● TRY IT
What you give back must match the records below exactly, apart from the pictures, which are omitted.

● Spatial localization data

[Start of Attachment]

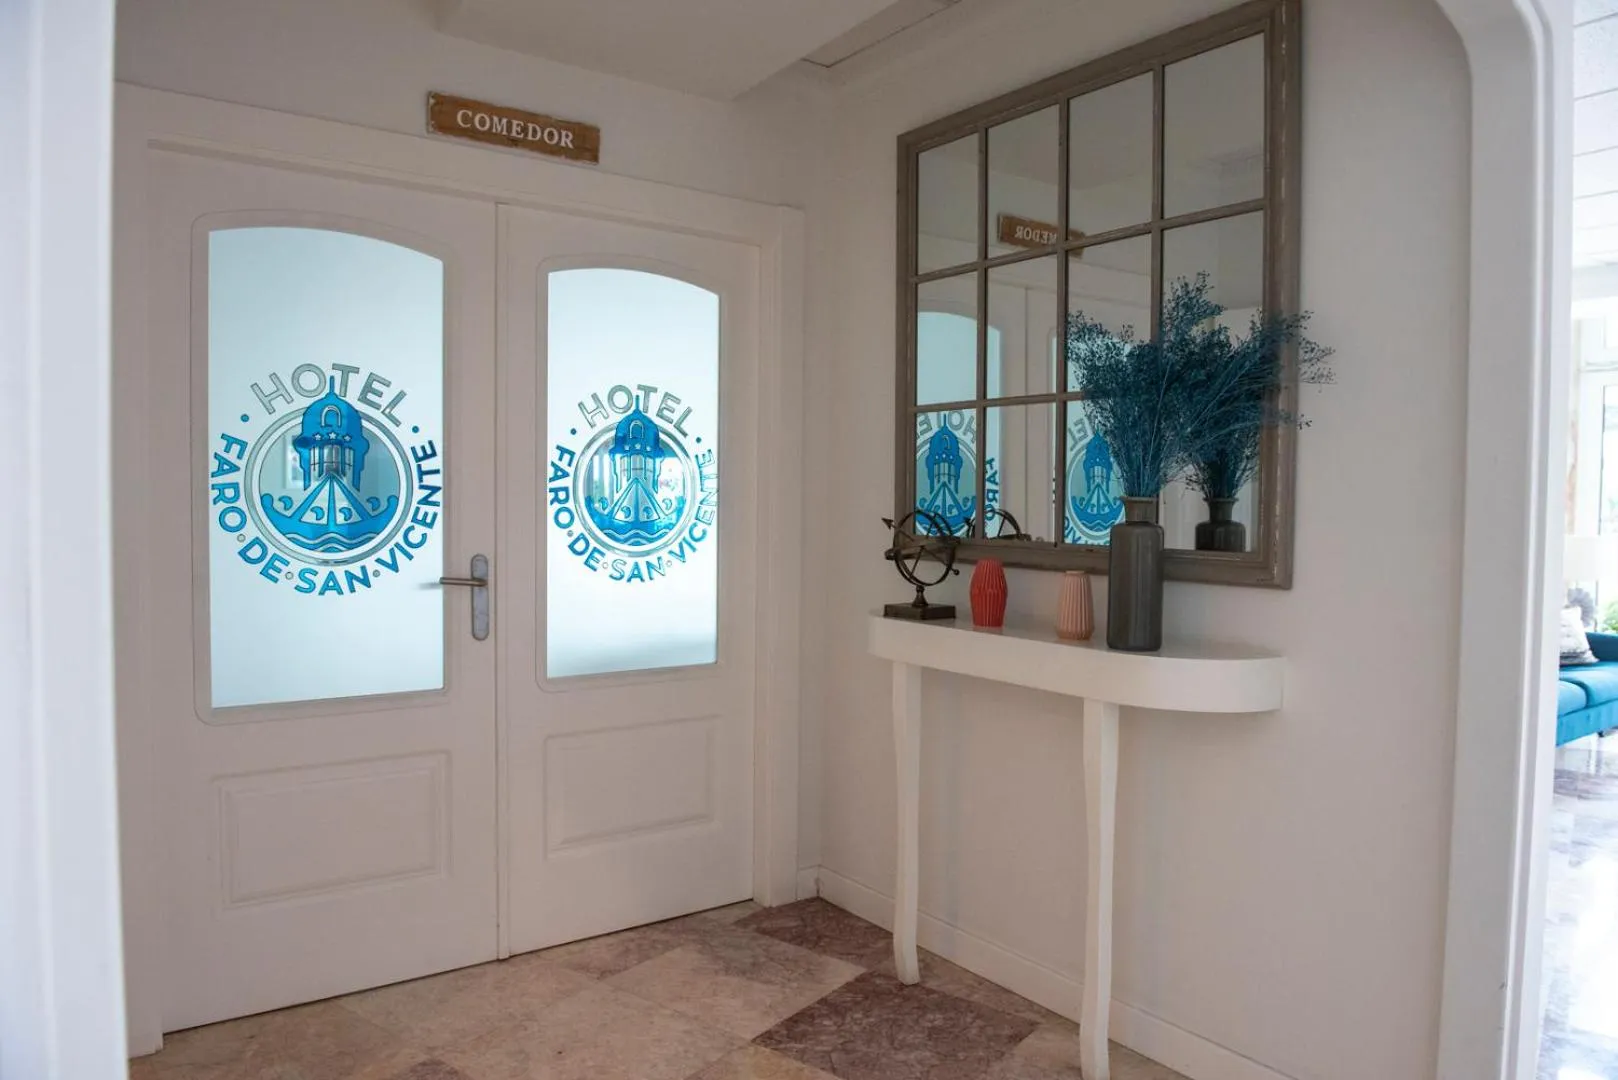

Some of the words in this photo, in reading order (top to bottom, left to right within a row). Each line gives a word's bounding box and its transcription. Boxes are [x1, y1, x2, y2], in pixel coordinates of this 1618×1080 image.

[456, 109, 574, 149] COMEDOR
[250, 363, 407, 428] HOTEL
[577, 384, 693, 438] HOTEL
[210, 433, 248, 533] FARO
[237, 536, 290, 584] DE
[294, 565, 372, 596] SAN
[374, 440, 442, 574] VICENTE
[548, 444, 576, 530] FARO
[567, 532, 606, 572] DE
[608, 556, 666, 583] SAN
[668, 449, 719, 563] VICENTE
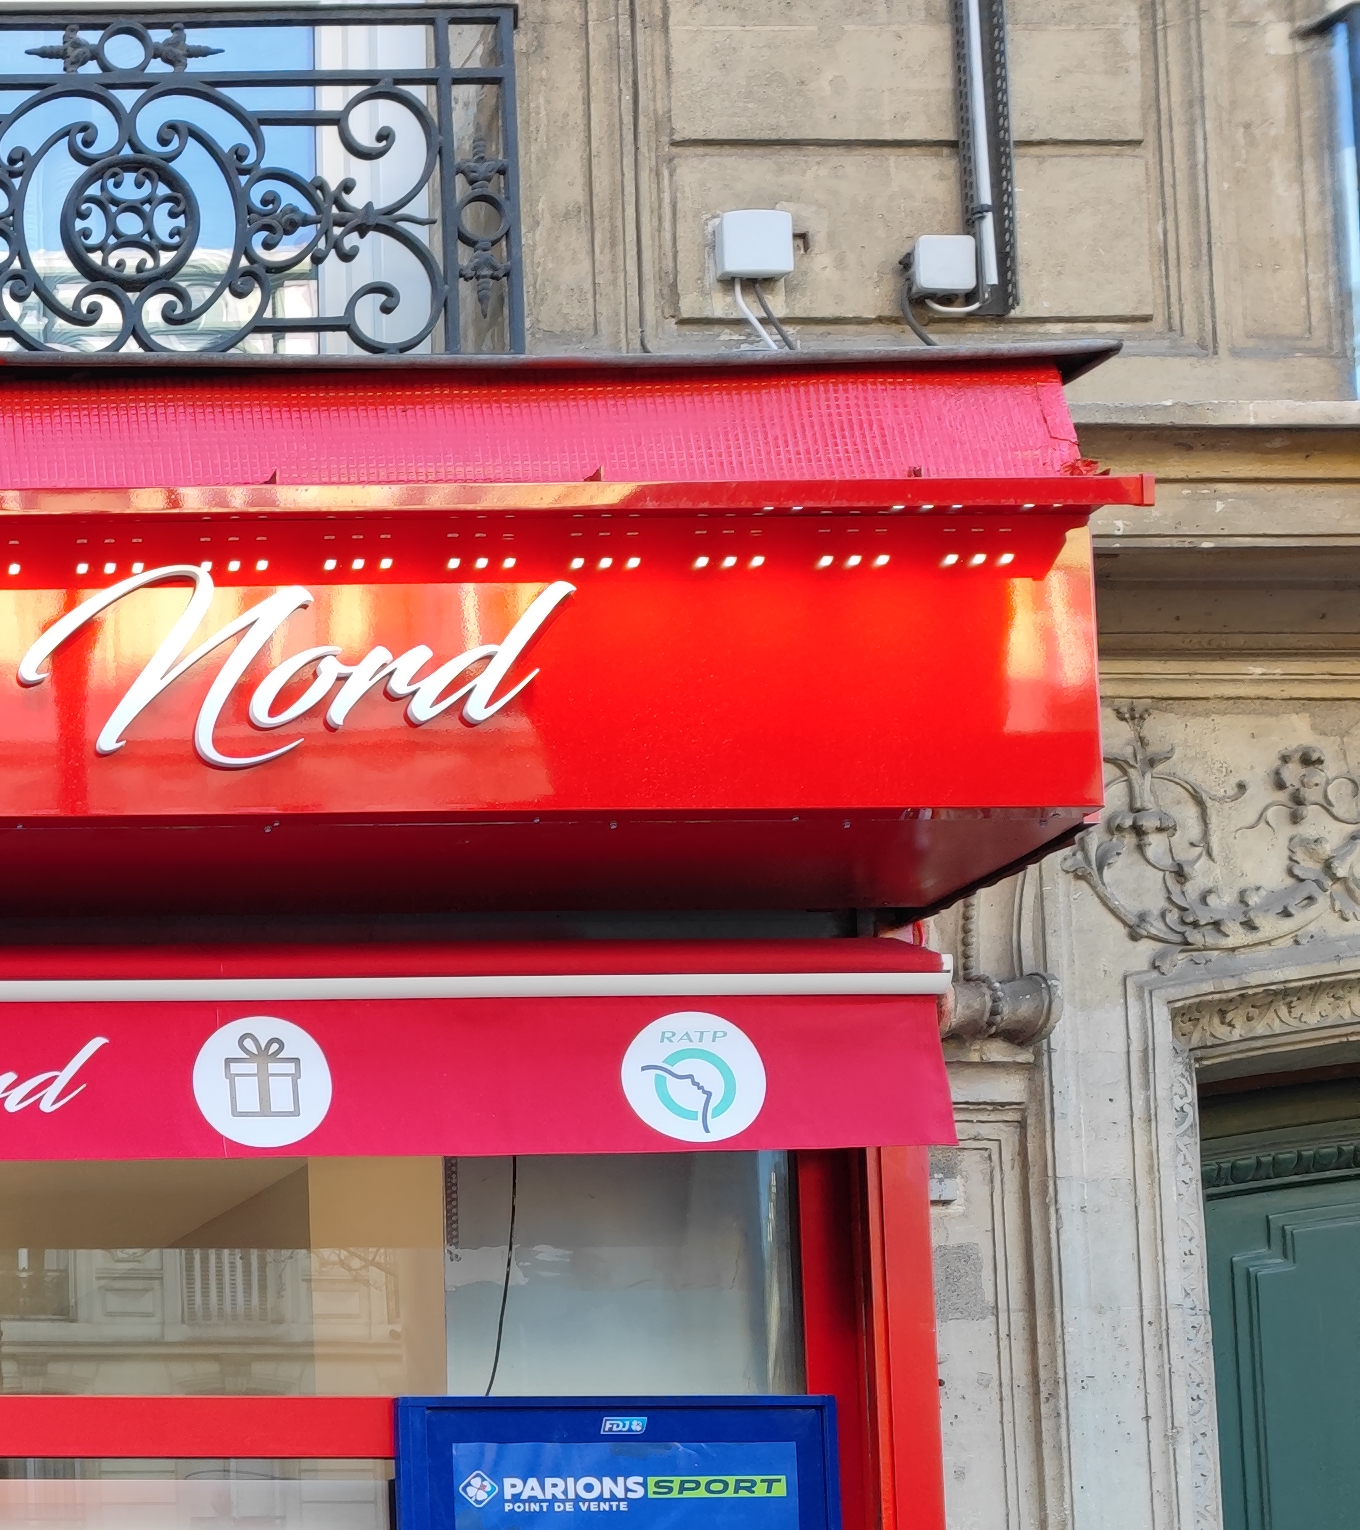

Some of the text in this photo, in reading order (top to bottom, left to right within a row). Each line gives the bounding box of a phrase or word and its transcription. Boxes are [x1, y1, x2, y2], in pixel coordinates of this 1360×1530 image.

[17, 565, 578, 771] Nord
[659, 1030, 728, 1044] RATP
[604, 1420, 630, 1431] FDJ
[502, 1476, 783, 1500] PARIONS SPORT
[504, 1500, 629, 1512] POINT DE VENTE
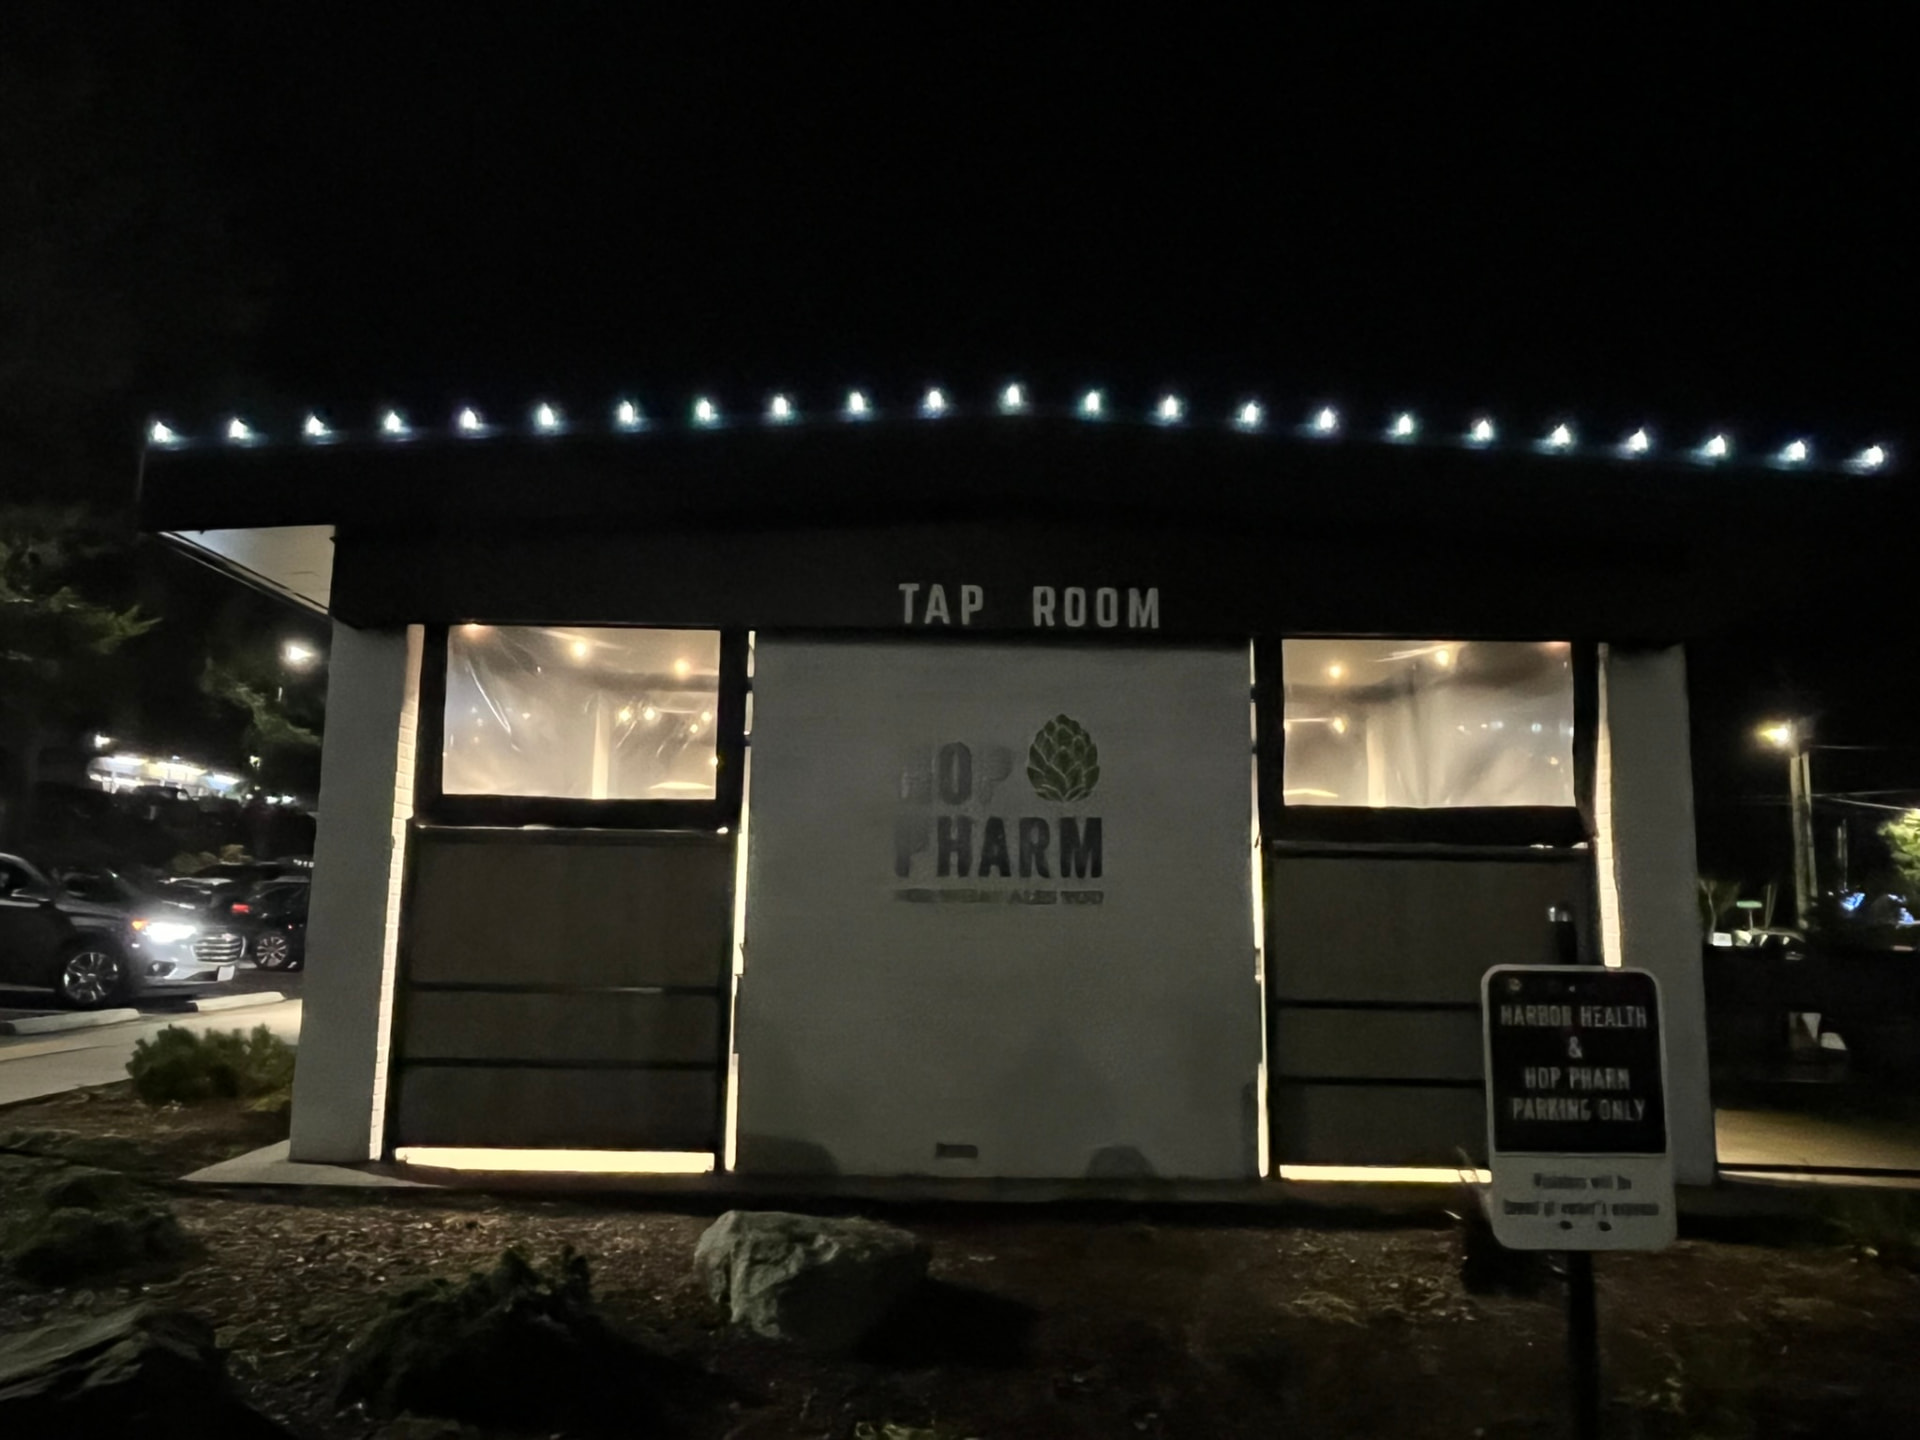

[End of Attachment]

● ANSWER FOR THE TASK
Some of the words in this photo, in reading order (top to bottom, left to right within a row). Each line gives a word's bounding box and its transcription. Boxes are [x1, y1, x2, y2], in pixel coordinates of this 1618×1080 image.

[456, 109, 574, 149] COMEDOR
[250, 363, 407, 428] HOTEL
[577, 384, 693, 438] HOTEL
[210, 433, 248, 533] FARO
[237, 536, 290, 584] DE
[294, 565, 372, 596] SAN
[374, 440, 442, 574] VICENTE
[548, 444, 576, 530] FARO
[567, 532, 606, 572] DE
[608, 556, 666, 583] SAN
[668, 449, 719, 563] VICENTE

Some of the text in this photo, in reading order (top to bottom, left to right within a row). Each line gives the bounding box of a phrase or word and its transcription. Boxes are [x1, y1, x2, y2], in pixel coordinates of this 1360×1530 image.

[17, 565, 578, 771] Nord
[659, 1030, 728, 1044] RATP
[604, 1420, 630, 1431] FDJ
[502, 1476, 783, 1500] PARIONS SPORT
[504, 1500, 629, 1512] POINT DE VENTE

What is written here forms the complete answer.